(DATASET RECORDS)
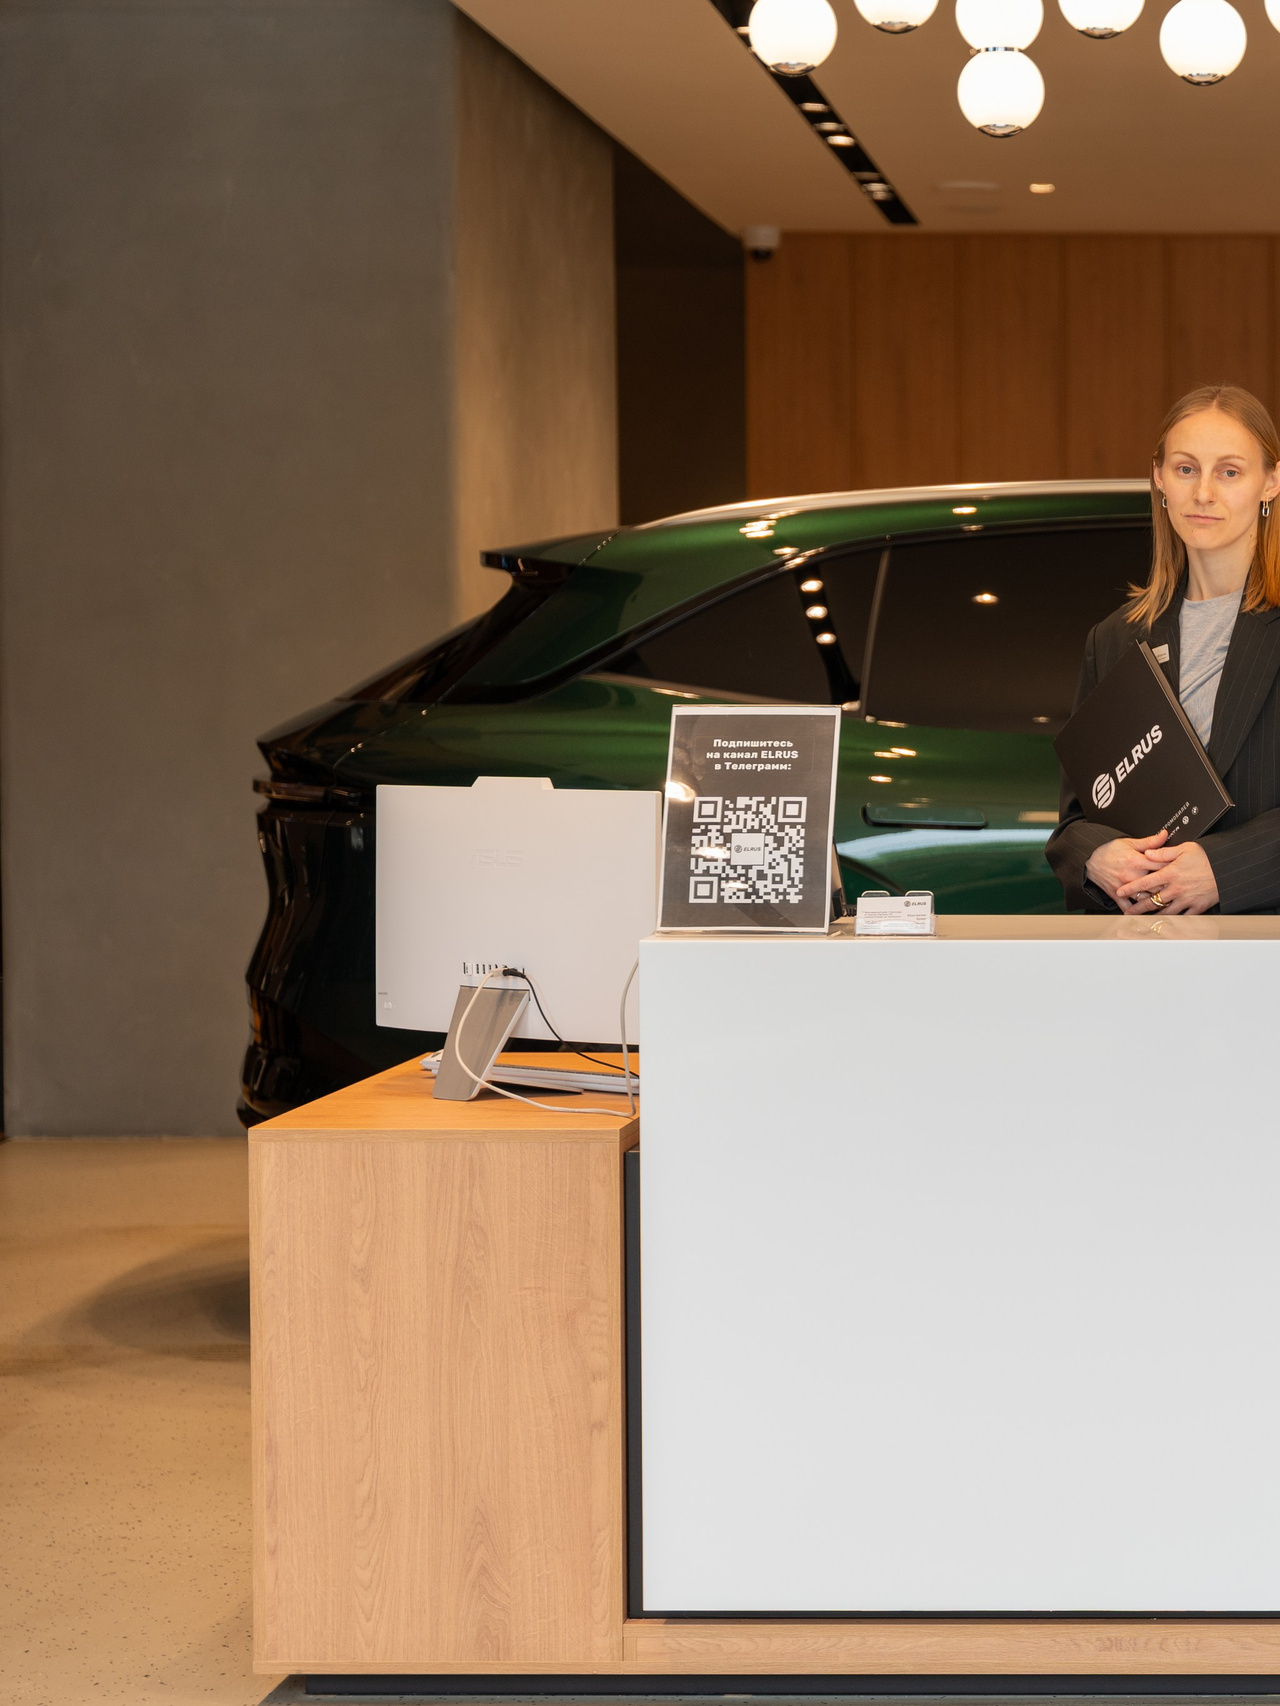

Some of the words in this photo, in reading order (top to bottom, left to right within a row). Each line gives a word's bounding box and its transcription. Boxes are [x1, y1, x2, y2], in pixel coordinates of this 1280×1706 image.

[713, 739, 793, 748] Подпишитесь
[760, 750, 799, 759] ELRUS
[1115, 724, 1163, 783] ELRUS
[724, 762, 792, 771] Телеграмм:
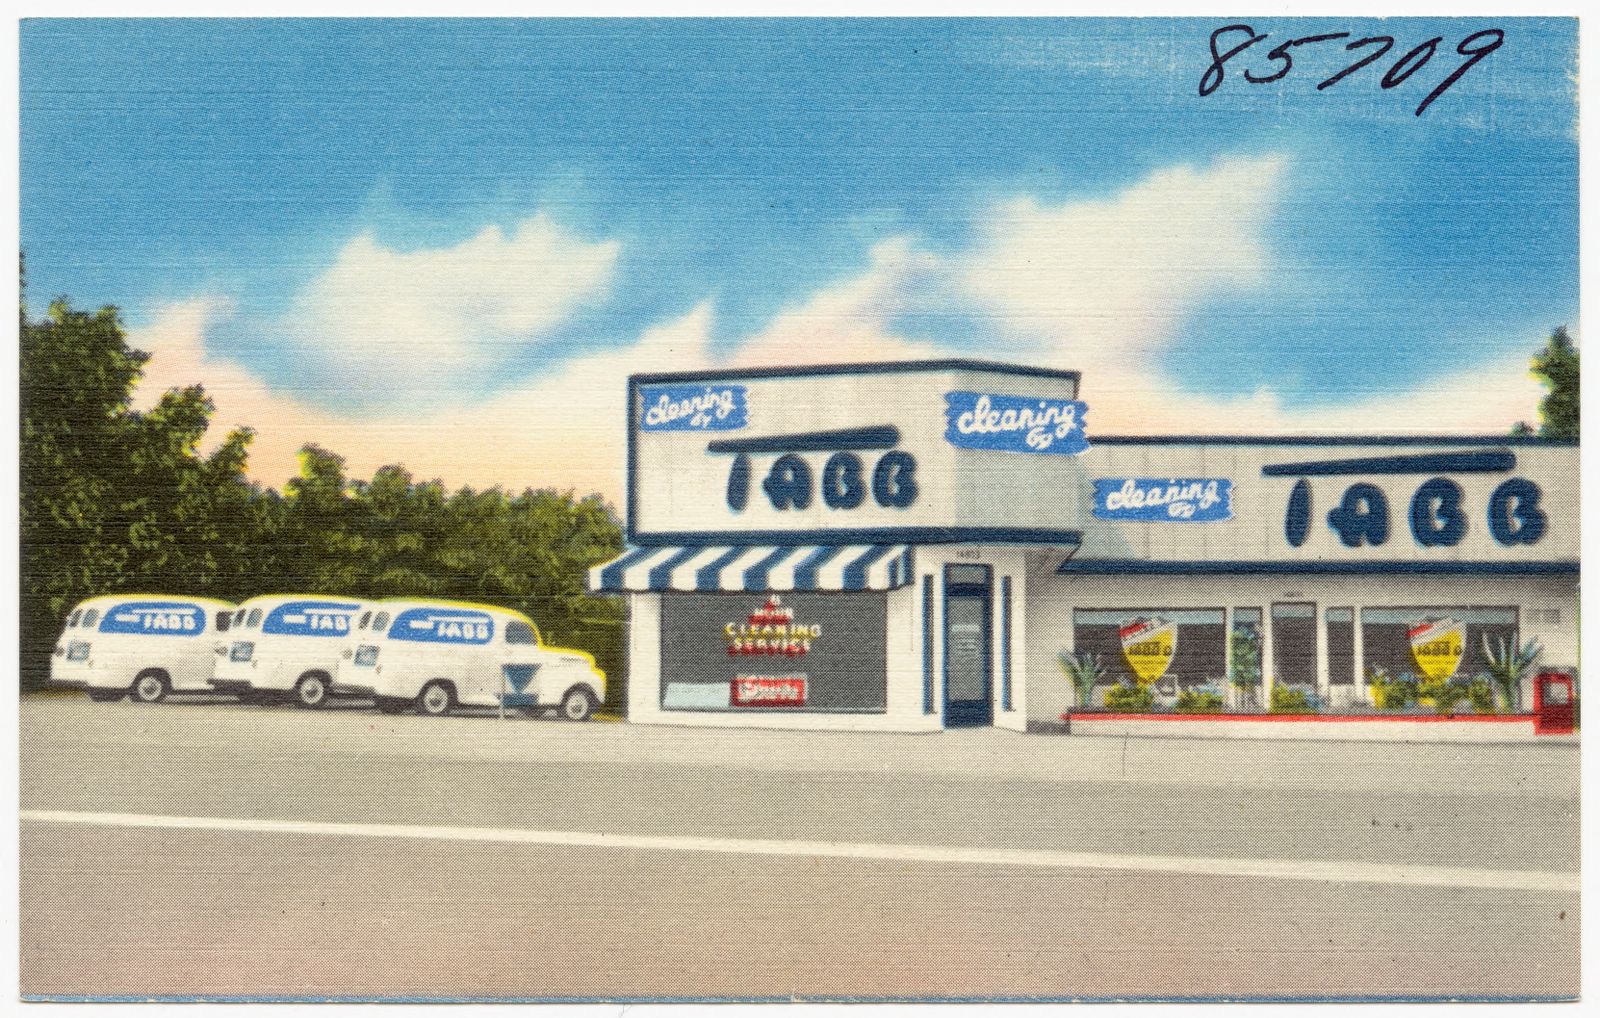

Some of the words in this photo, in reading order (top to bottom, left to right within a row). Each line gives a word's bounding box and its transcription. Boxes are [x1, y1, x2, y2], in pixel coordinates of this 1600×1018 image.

[1198, 24, 1505, 117] 85709
[704, 423, 920, 514] TABB
[1260, 446, 1549, 548] TABB
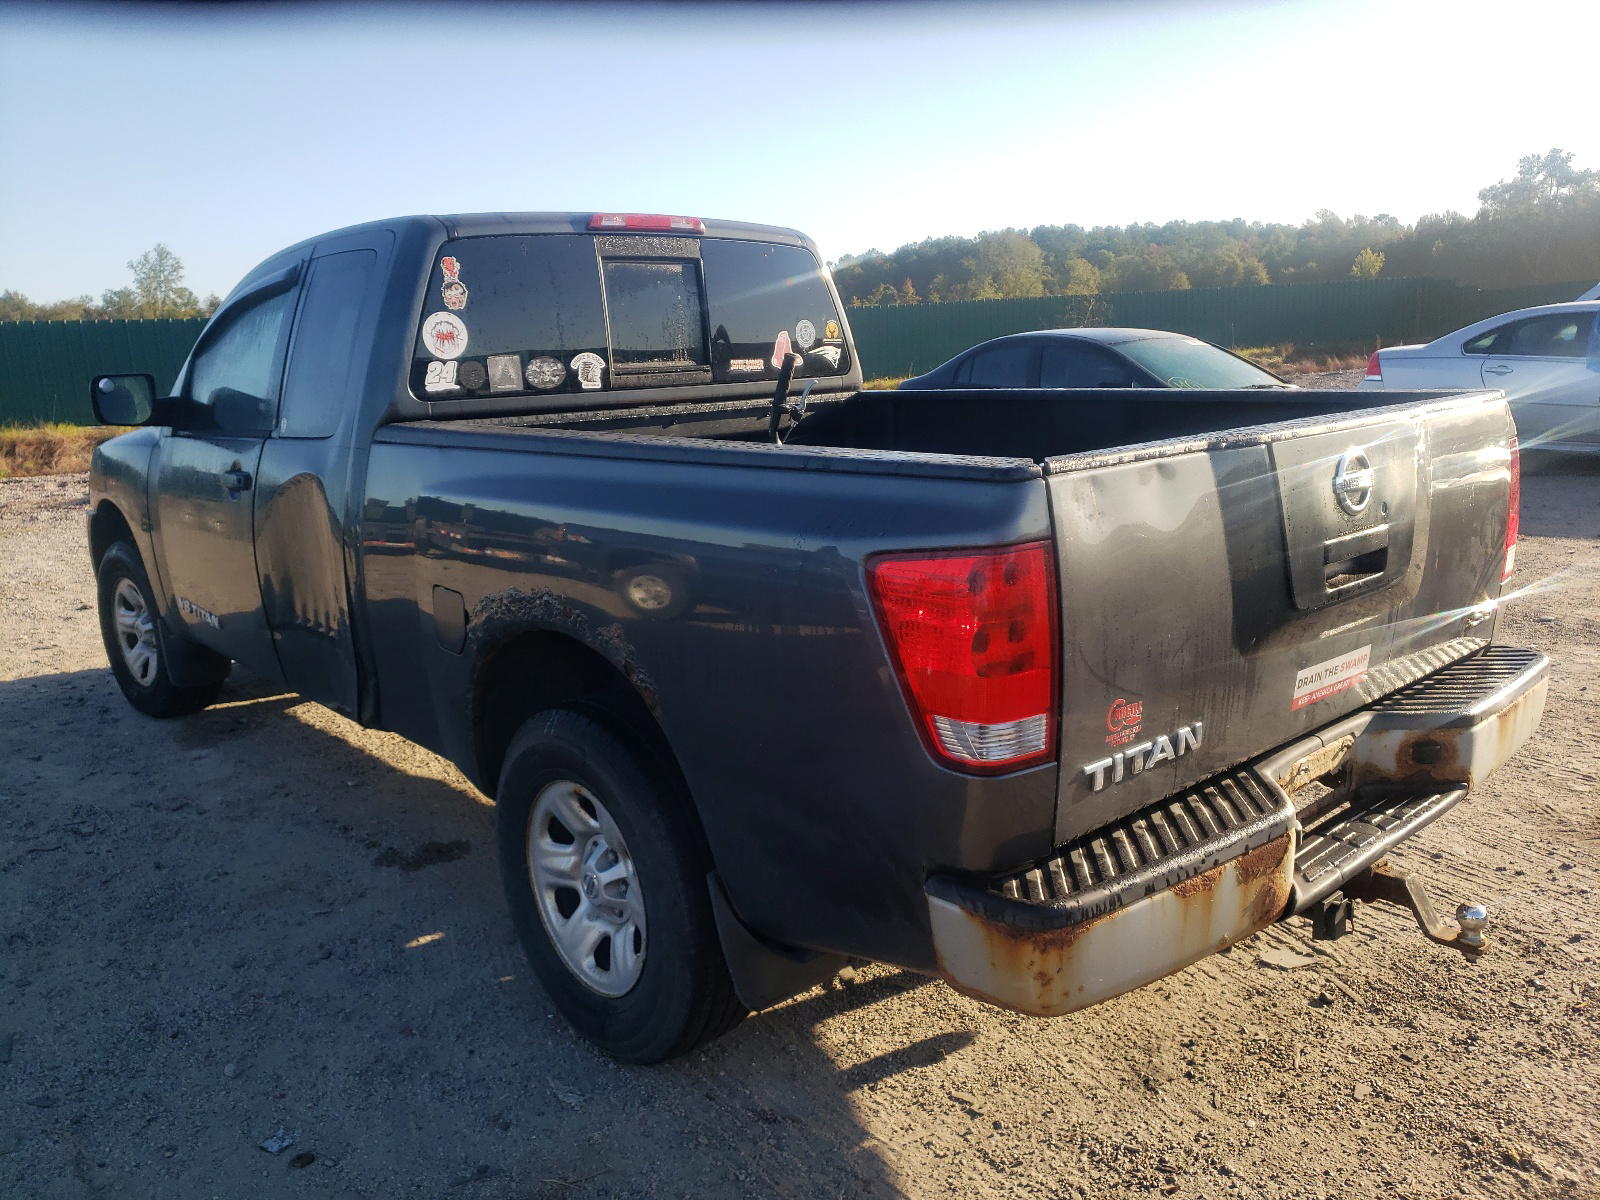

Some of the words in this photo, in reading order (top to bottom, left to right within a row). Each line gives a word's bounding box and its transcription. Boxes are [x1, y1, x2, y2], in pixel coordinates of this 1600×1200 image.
(End DATASET RECORDS)
WORK ORDER: Copy every line of the records exactly as it is written, but not the pictures.

RESPONSE AREA:
Some of the words in this photo, in reading order (top to bottom, left to right within a row). Each line gives a word's bounding box and its transcription. Boxes are [x1, y1, x2, y2], in pixel coordinates of this 1280×1706 image.

[713, 739, 793, 748] Подпишитесь
[760, 750, 799, 759] ELRUS
[1115, 724, 1163, 783] ELRUS
[724, 762, 792, 771] Телеграмм:

Some of the words in this photo, in reading order (top to bottom, left to right within a row). Each line gives a word's bounding box and its transcription. Boxes are [x1, y1, x2, y2], in pixel coordinates of this 1600×1018 image.

[1198, 24, 1505, 117] 85709
[704, 423, 920, 514] TABB
[1260, 446, 1549, 548] TABB

Some of the words in this photo, in reading order (top to bottom, left to right within a row). Each line gives a word's bounding box and its transcription. Boxes are [x1, y1, x2, y2], in pixel coordinates of this 1600×1200 image.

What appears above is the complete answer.